Task item
The pictures in the listing below are to be skipped, while the lines between the line holding "Some of the text" and the line holding "this 1932×1932 image.", inclusive, are to be output exactly.

Stored data
= = =

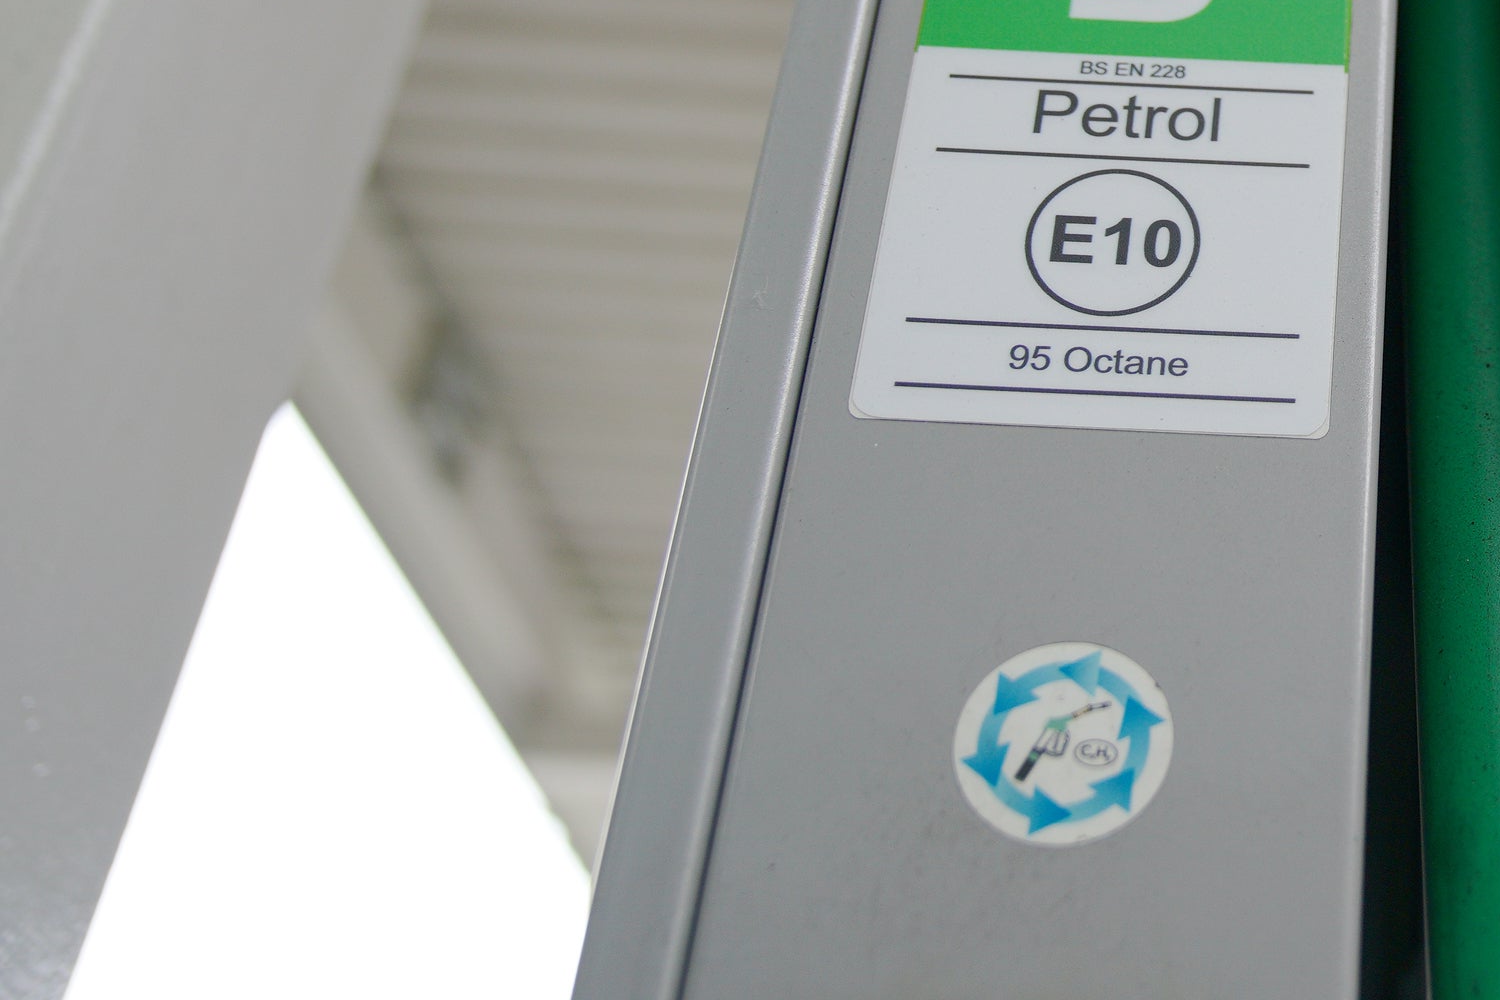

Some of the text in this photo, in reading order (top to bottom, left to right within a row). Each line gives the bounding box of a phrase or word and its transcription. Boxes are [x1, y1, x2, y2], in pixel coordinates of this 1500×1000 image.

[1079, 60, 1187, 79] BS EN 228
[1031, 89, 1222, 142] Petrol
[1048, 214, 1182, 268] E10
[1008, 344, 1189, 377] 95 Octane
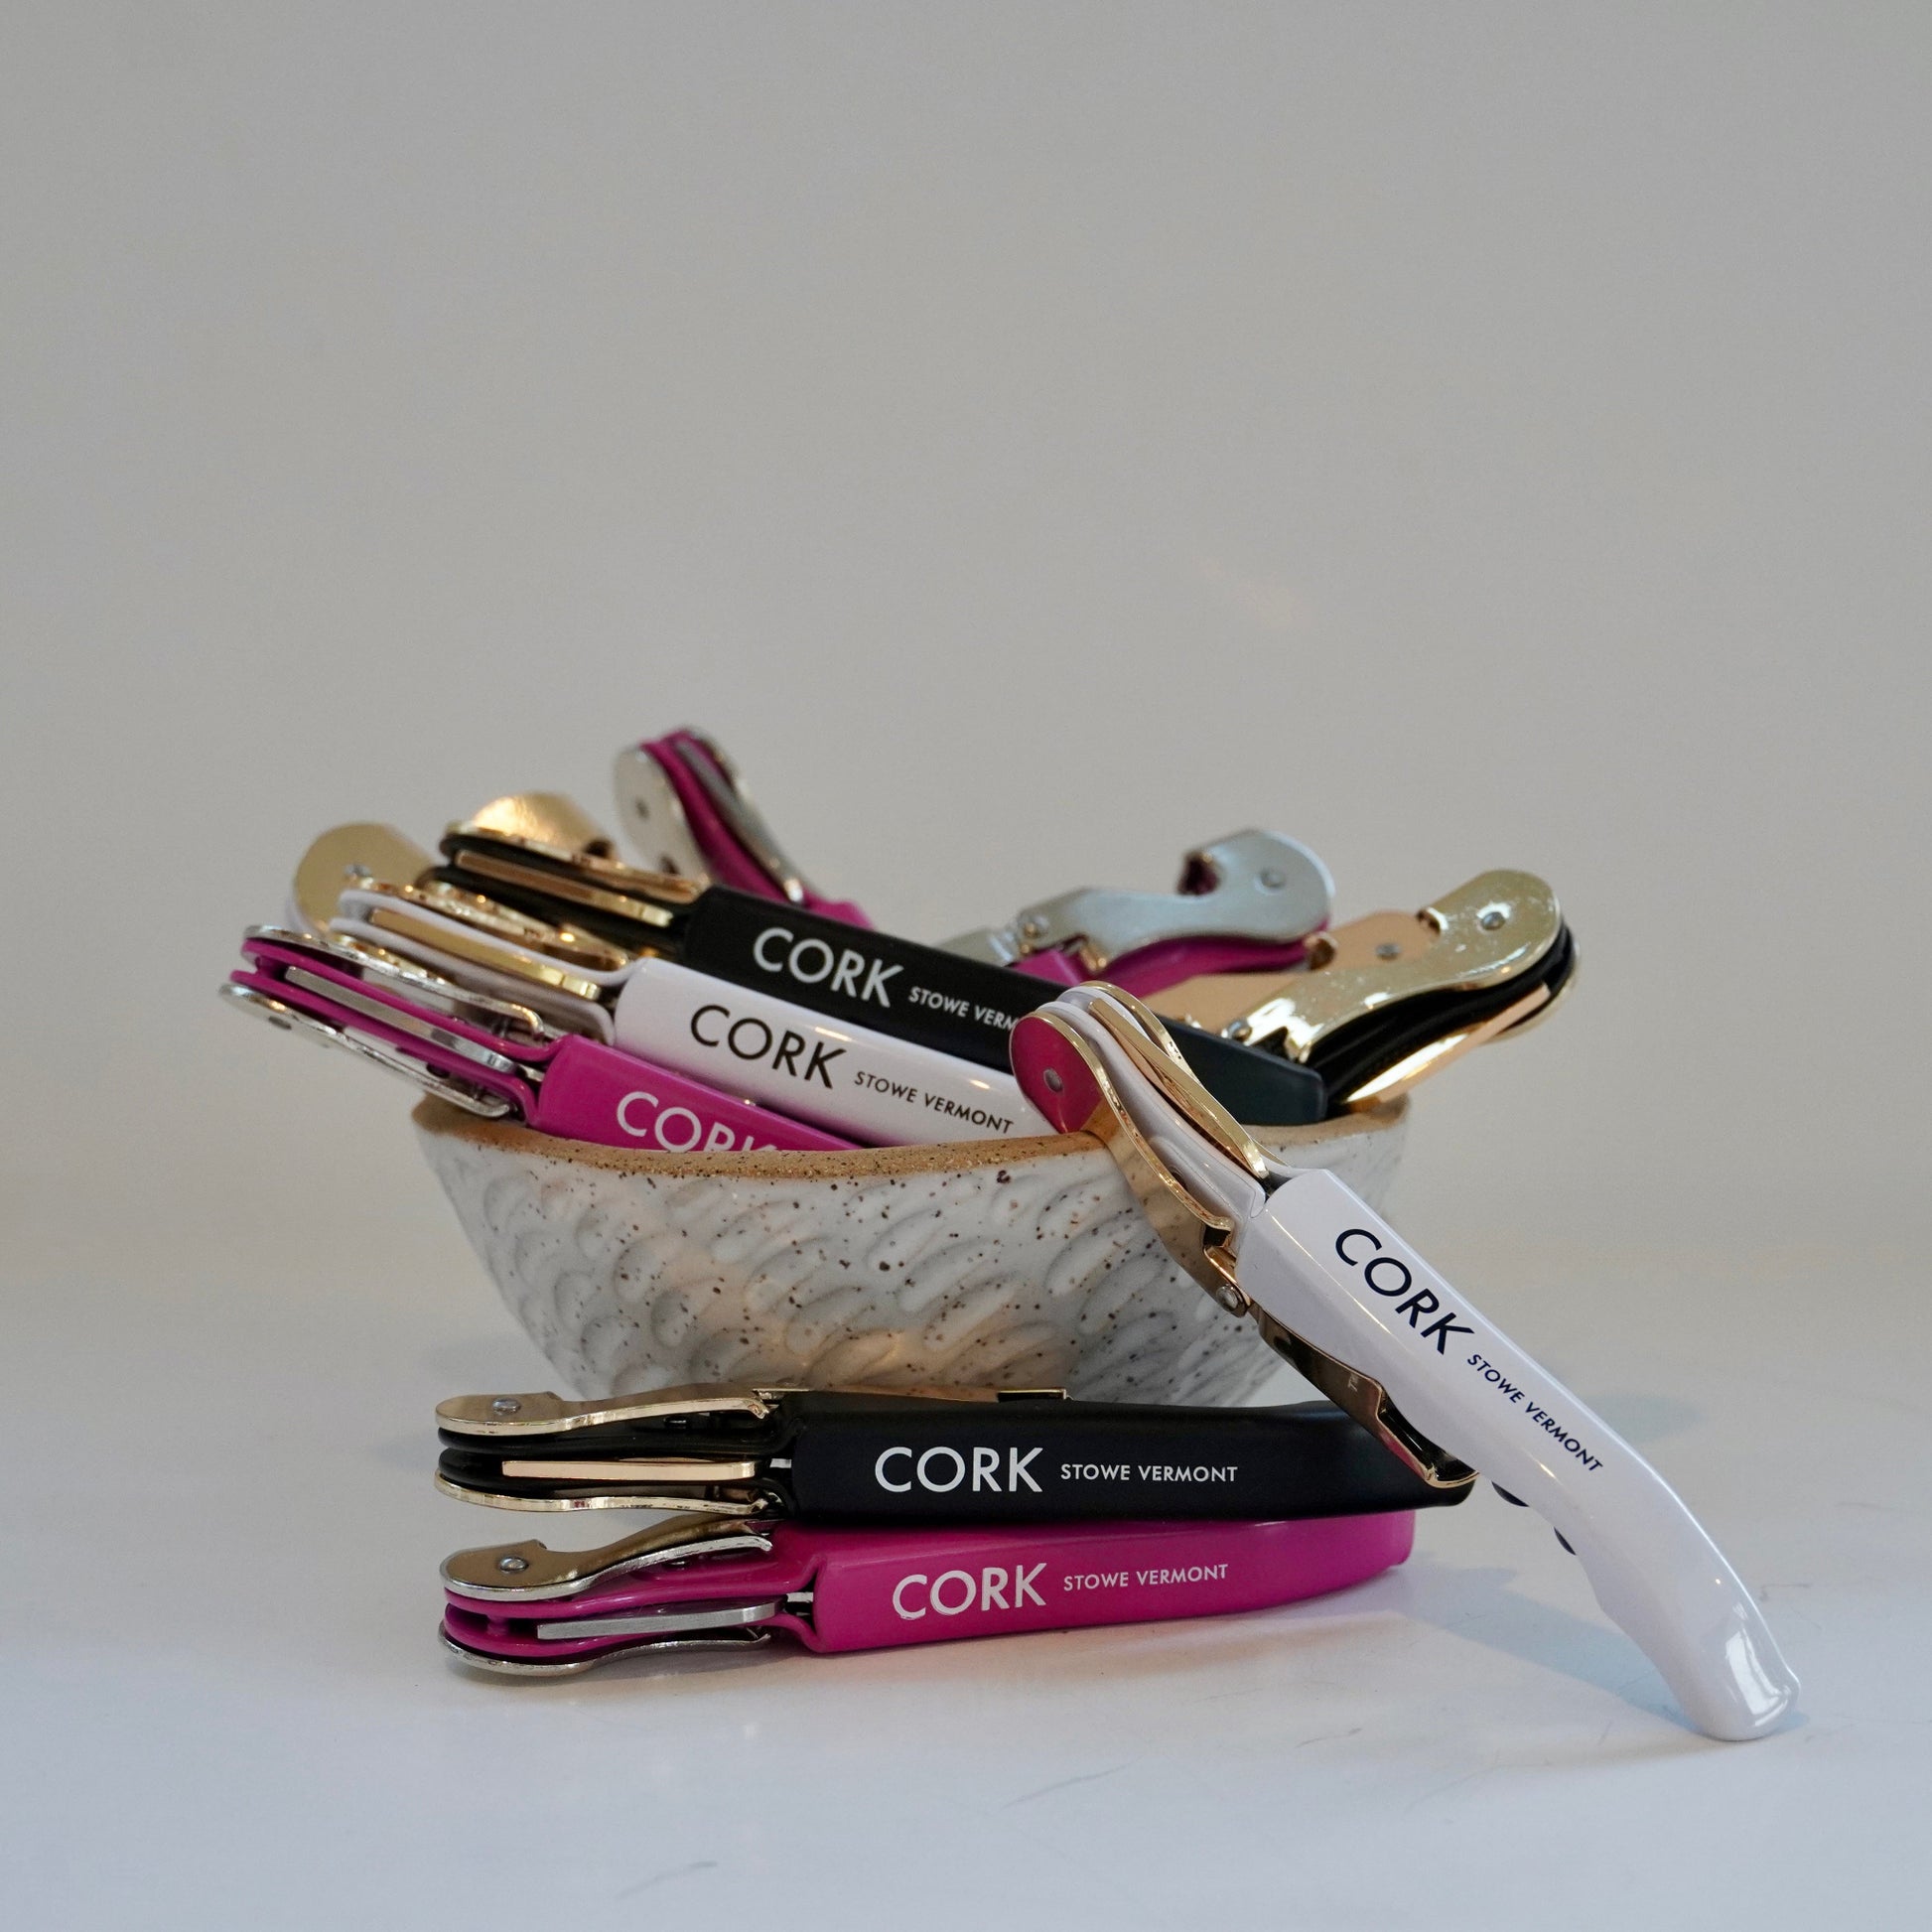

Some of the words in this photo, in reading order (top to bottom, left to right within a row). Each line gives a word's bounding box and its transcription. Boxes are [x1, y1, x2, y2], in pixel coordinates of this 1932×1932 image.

= = =

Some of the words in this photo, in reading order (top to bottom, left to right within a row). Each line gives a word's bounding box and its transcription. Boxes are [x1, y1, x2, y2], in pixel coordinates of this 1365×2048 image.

= = =

Solved exercise
Some of the text in this photo, in reading order (top to bottom, left to right within a row). Each line gives the bounding box of a phrase or word and its transcription. Boxes are [x1, y1, x2, y2], in pixel coordinates of this 1500×1000 image.

[1079, 60, 1187, 79] BS EN 228
[1031, 89, 1222, 142] Petrol
[1048, 214, 1182, 268] E10
[1008, 344, 1189, 377] 95 Octane

Some of the words in this photo, in reading order (top to bottom, left to right within a row). Each line gives a word's bounding box and its transcription. Boxes are [x1, y1, x2, y2], in pixel coordinates of this 1932×1932 image.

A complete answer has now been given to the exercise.